Set down each of the records below exactly as it reads. No pictures go into the copy.

● **Source data**:
↓↓↓

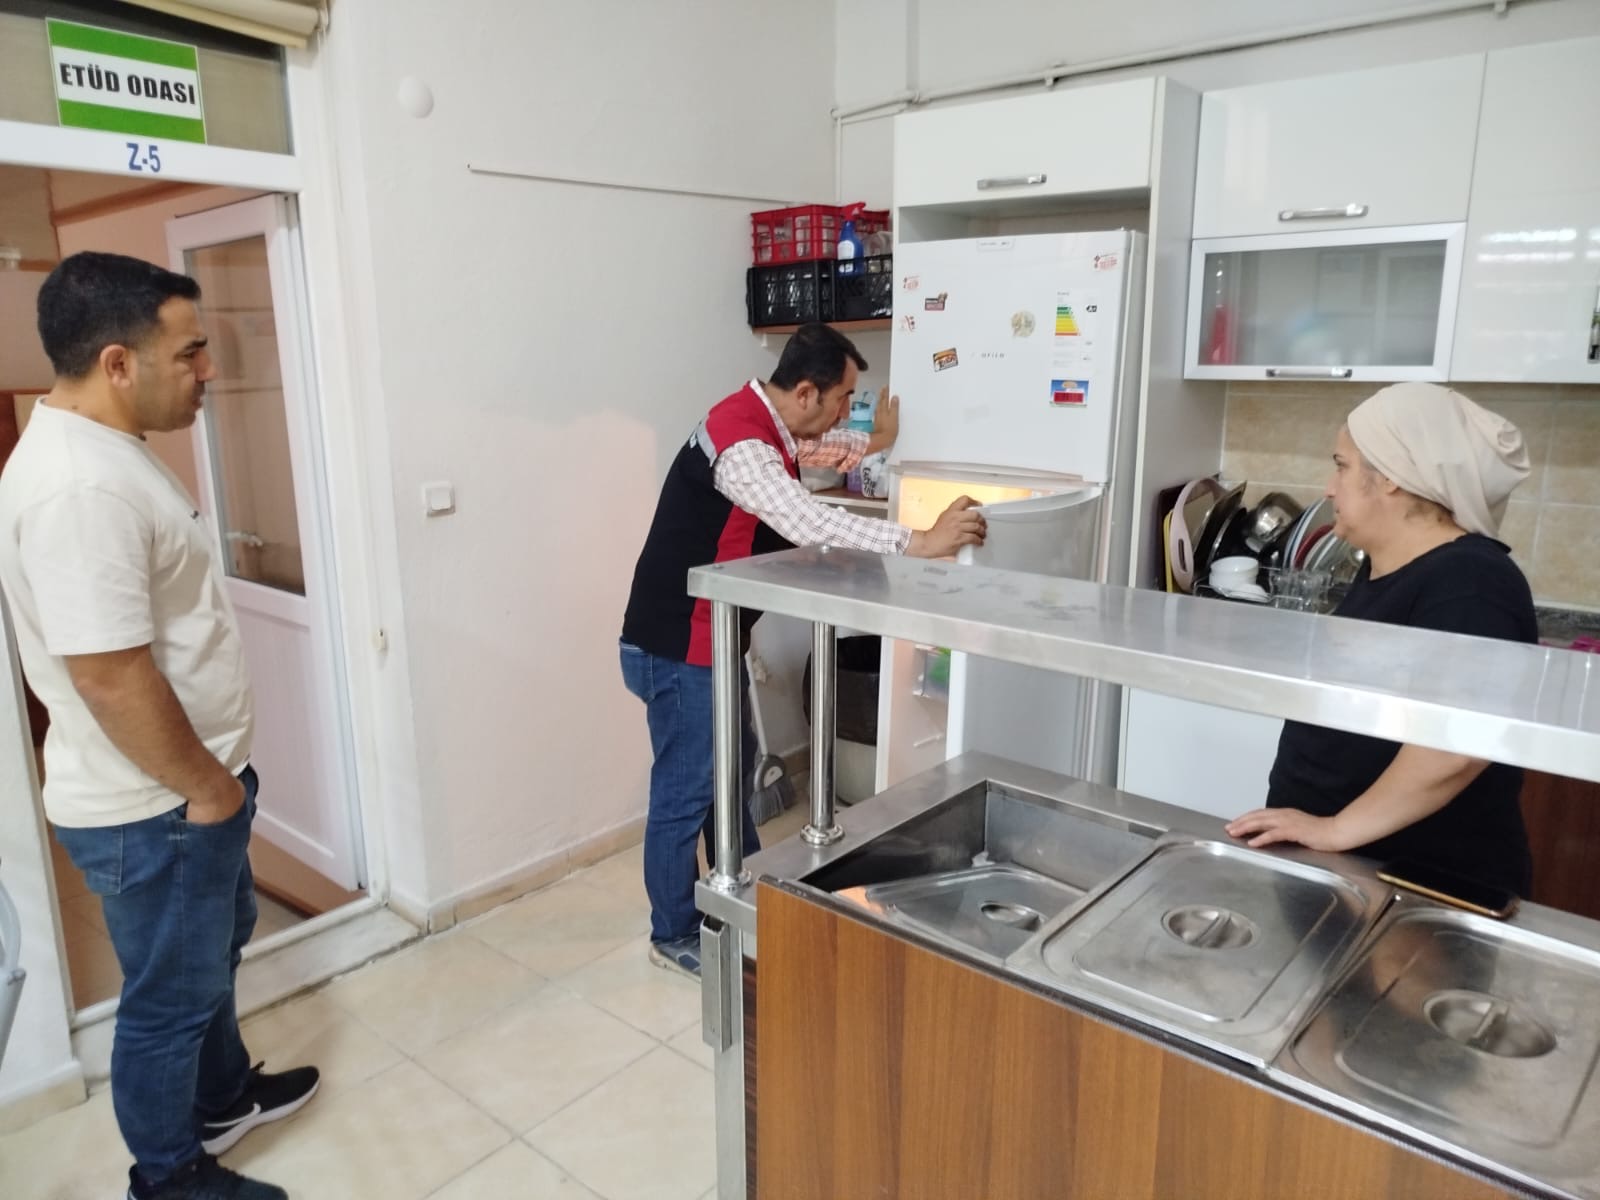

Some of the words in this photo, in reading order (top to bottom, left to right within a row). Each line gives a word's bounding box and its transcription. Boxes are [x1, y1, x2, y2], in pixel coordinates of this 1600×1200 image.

[59, 63, 120, 93] ETÜD
[127, 74, 196, 105] ODASI
[126, 142, 161, 173] Z-5
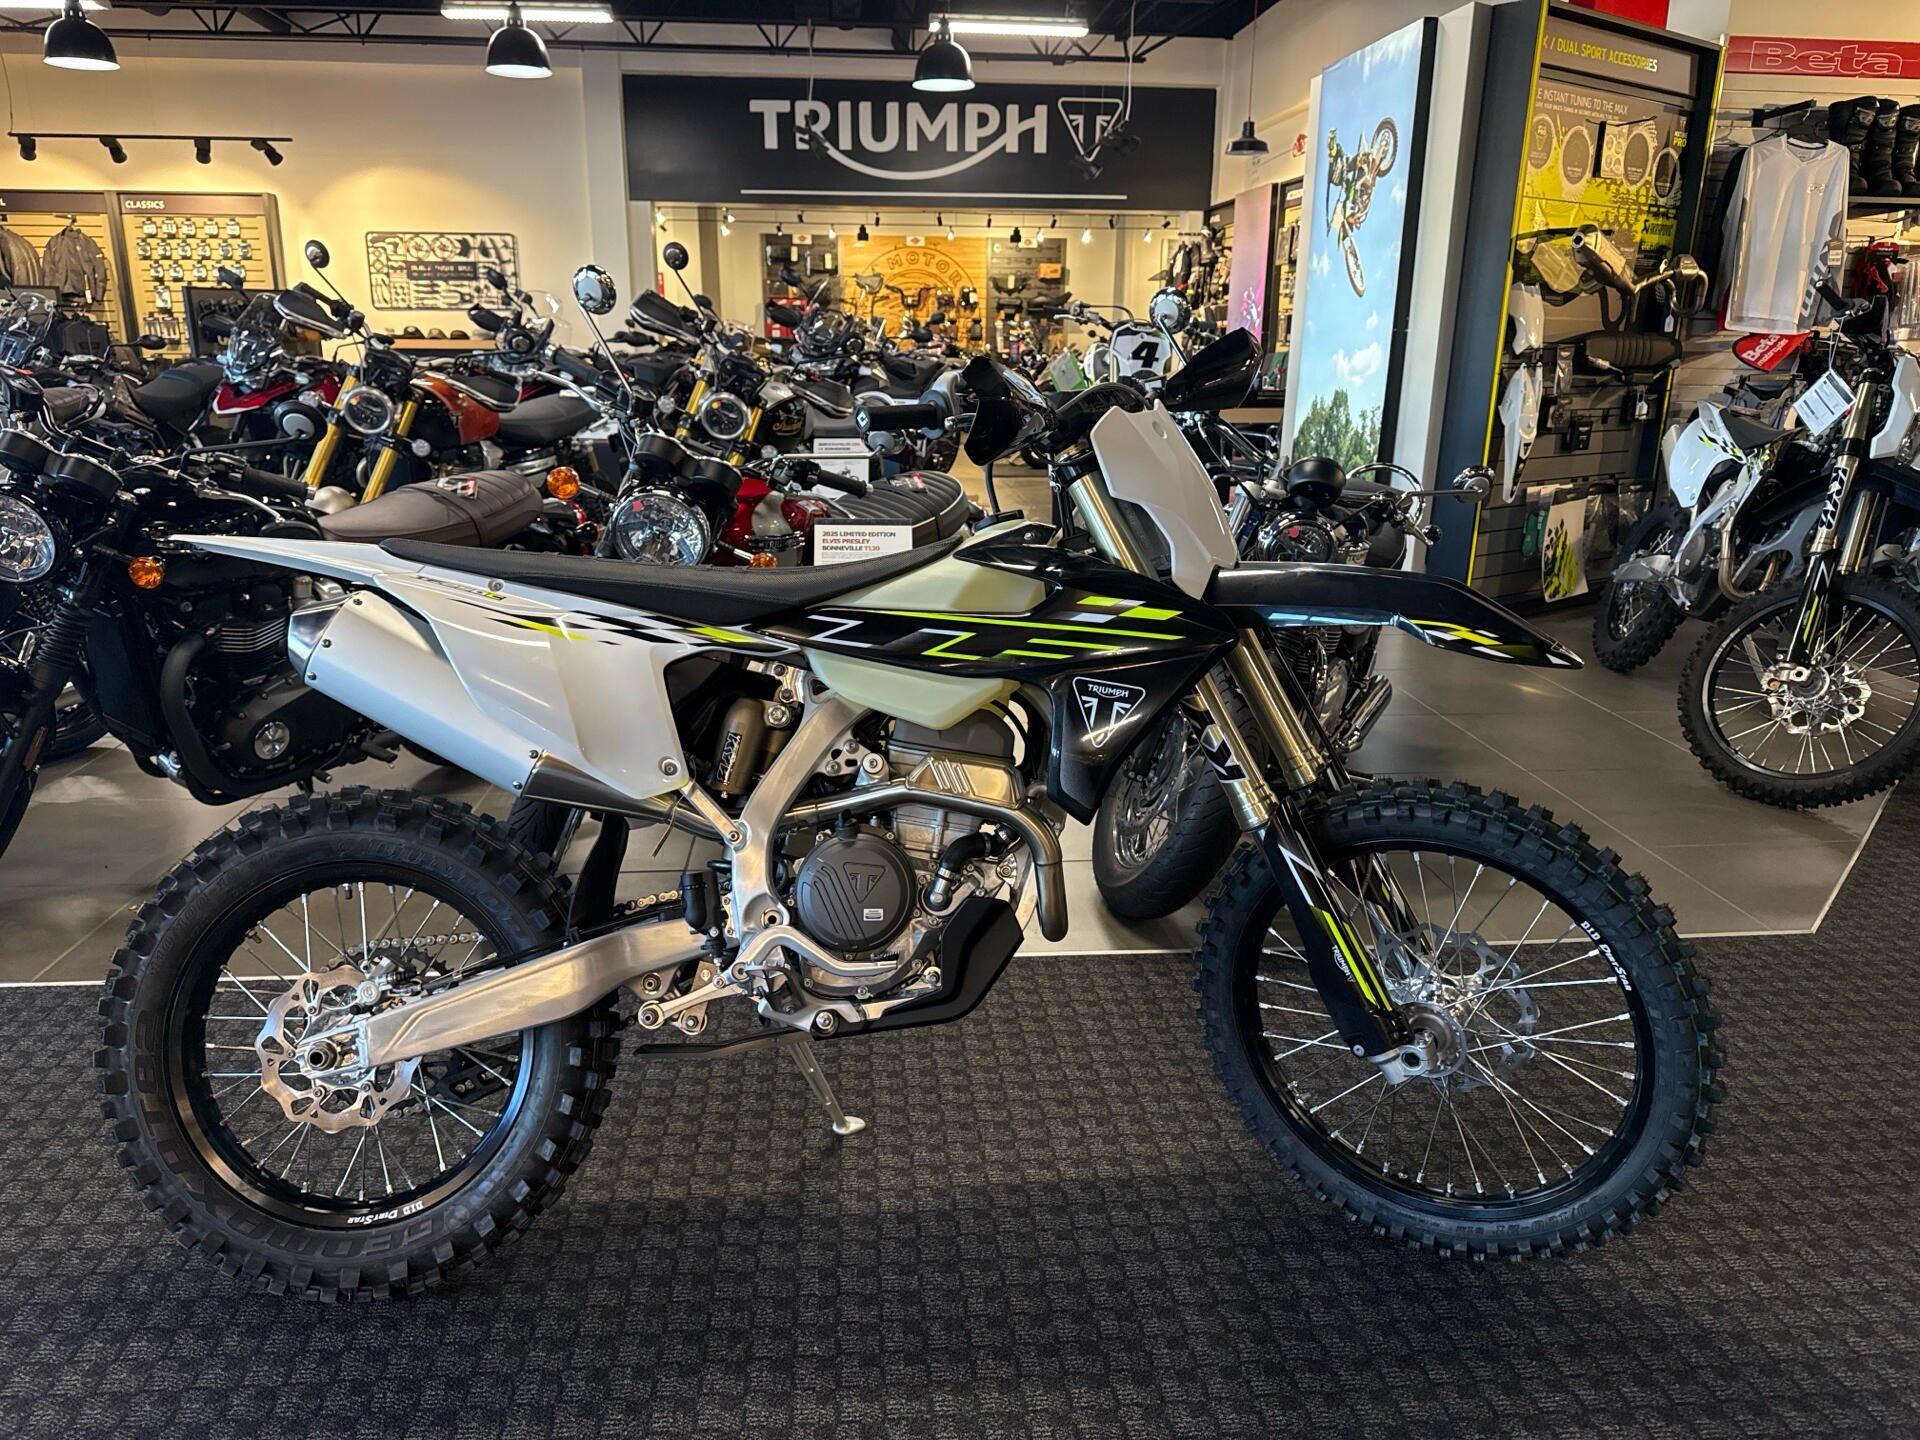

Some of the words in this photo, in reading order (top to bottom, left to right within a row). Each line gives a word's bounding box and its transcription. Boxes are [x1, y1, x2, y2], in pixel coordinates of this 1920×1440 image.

[1557, 38, 1579, 55] DUAL
[1581, 43, 1607, 61] SPORT
[1608, 51, 1658, 72] ACCESSORIES
[1750, 41, 1903, 75] Beta
[1543, 89, 1570, 104] INSTANT
[1570, 94, 1593, 110] TUNING
[1594, 98, 1602, 110] TO
[1602, 100, 1615, 113] THE
[1615, 102, 1630, 115] MAX
[749, 99, 1048, 156] TRIUMPH
[125, 200, 165, 210] CLASSICS
[888, 251, 962, 287] MOTOR
[1130, 341, 1160, 368] 4
[1741, 332, 1781, 362] Beta
[1088, 683, 1129, 699] TRIUMPH
[1331, 944, 1351, 977] TRIUMPH
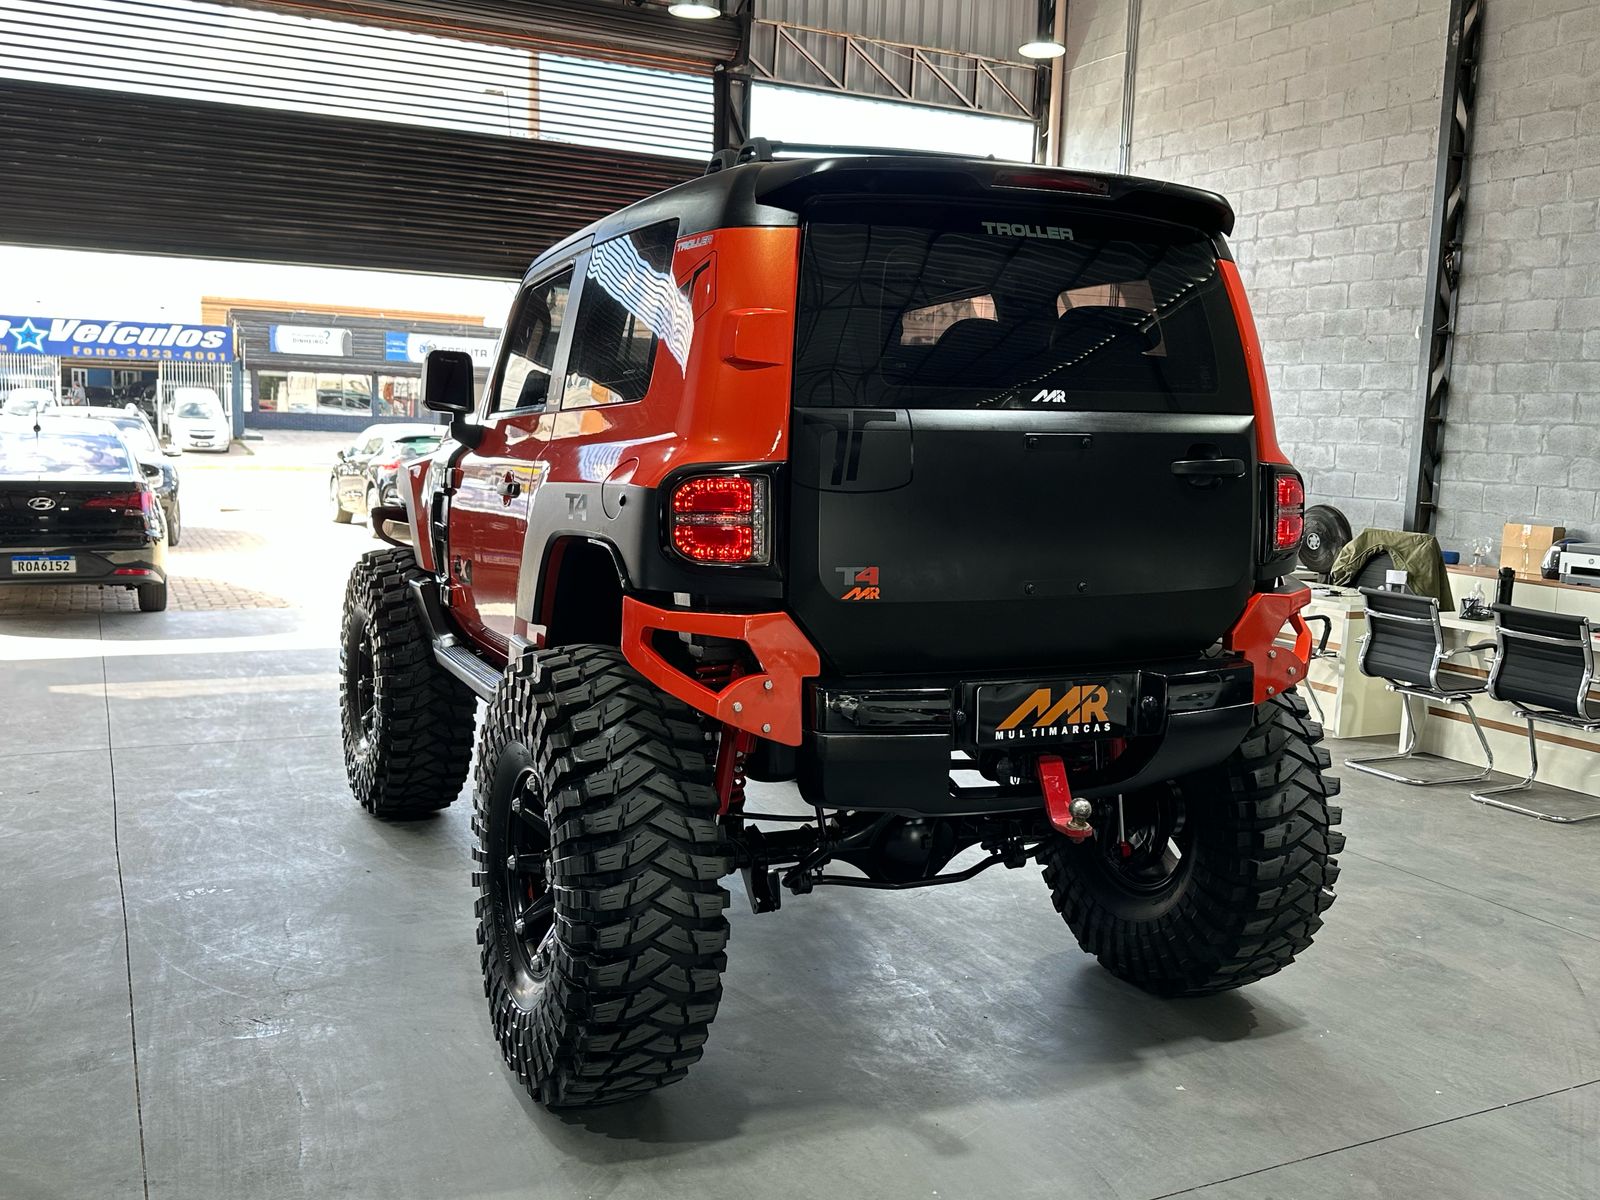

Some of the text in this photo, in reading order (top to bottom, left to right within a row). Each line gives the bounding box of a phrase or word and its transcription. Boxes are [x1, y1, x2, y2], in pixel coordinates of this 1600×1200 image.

[981, 221, 1074, 241] TROLLER
[677, 234, 714, 252] TROLLER
[47, 319, 227, 349] Veículos
[565, 493, 588, 521] T4
[18, 560, 70, 572] ROA6152
[835, 566, 880, 586] T4
[995, 722, 1111, 741] MULTIMARCAS
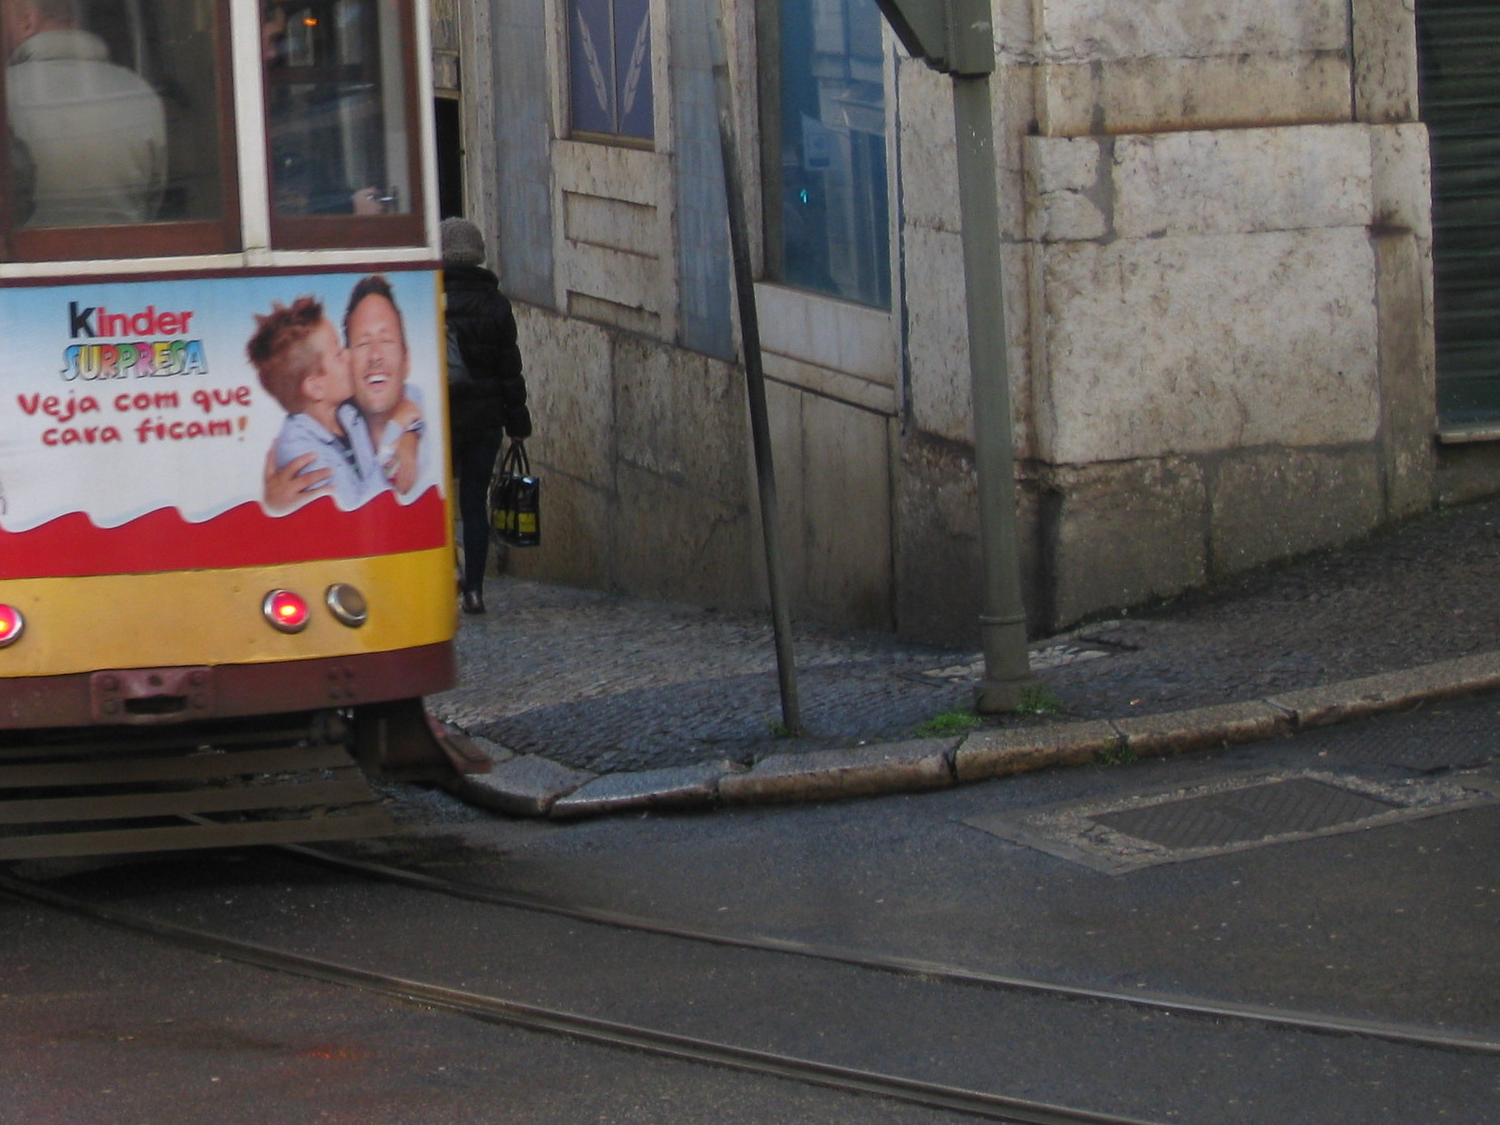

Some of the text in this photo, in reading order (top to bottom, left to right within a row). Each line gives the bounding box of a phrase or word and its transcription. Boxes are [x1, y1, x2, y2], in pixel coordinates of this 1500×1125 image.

[69, 301, 195, 339] Kinder
[61, 339, 208, 381] SURPRESA
[18, 386, 253, 423] Veja com que
[42, 416, 249, 447] cara ficam!

↑↑↑

● **Solution to this problem**:
Some of the words in this photo, in reading order (top to bottom, left to right within a row). Each line gives a word's bounding box and its transcription. Boxes are [x1, y1, x2, y2], in pixel coordinates of this 1600×1200 image.

[59, 63, 120, 93] ETÜD
[127, 74, 196, 105] ODASI
[126, 142, 161, 173] Z-5

Some of the words in this photo, in reading order (top to bottom, left to right within a row). Each line gives a word's bounding box and its transcription. Boxes are [x1, y1, x2, y2], in pixel coordinates of this 1920×1440 image.

[1557, 38, 1579, 55] DUAL
[1581, 43, 1607, 61] SPORT
[1608, 51, 1658, 72] ACCESSORIES
[1750, 41, 1903, 75] Beta
[1543, 89, 1570, 104] INSTANT
[1570, 94, 1593, 110] TUNING
[1594, 98, 1602, 110] TO
[1602, 100, 1615, 113] THE
[1615, 102, 1630, 115] MAX
[749, 99, 1048, 156] TRIUMPH
[125, 200, 165, 210] CLASSICS
[888, 251, 962, 287] MOTOR
[1130, 341, 1160, 368] 4
[1741, 332, 1781, 362] Beta
[1088, 683, 1129, 699] TRIUMPH
[1331, 944, 1351, 977] TRIUMPH

Some of the text in this photo, in reading order (top to bottom, left to right within a row). Each line gives the bounding box of a phrase or word and its transcription. Boxes are [x1, y1, x2, y2], in pixel coordinates of this 1600×1200 image.

[981, 221, 1074, 241] TROLLER
[677, 234, 714, 252] TROLLER
[47, 319, 227, 349] Veículos
[565, 493, 588, 521] T4
[18, 560, 70, 572] ROA6152
[835, 566, 880, 586] T4
[995, 722, 1111, 741] MULTIMARCAS

Some of the text in this photo, in reading order (top to bottom, left to right within a row). Each line gives the bounding box of a phrase or word and its transcription. Boxes are [x1, y1, x2, y2], in pixel coordinates of this 1500×1125 image.

[69, 301, 195, 339] Kinder
[61, 339, 208, 381] SURPRESA
[18, 386, 253, 423] Veja com que
[42, 416, 249, 447] cara ficam!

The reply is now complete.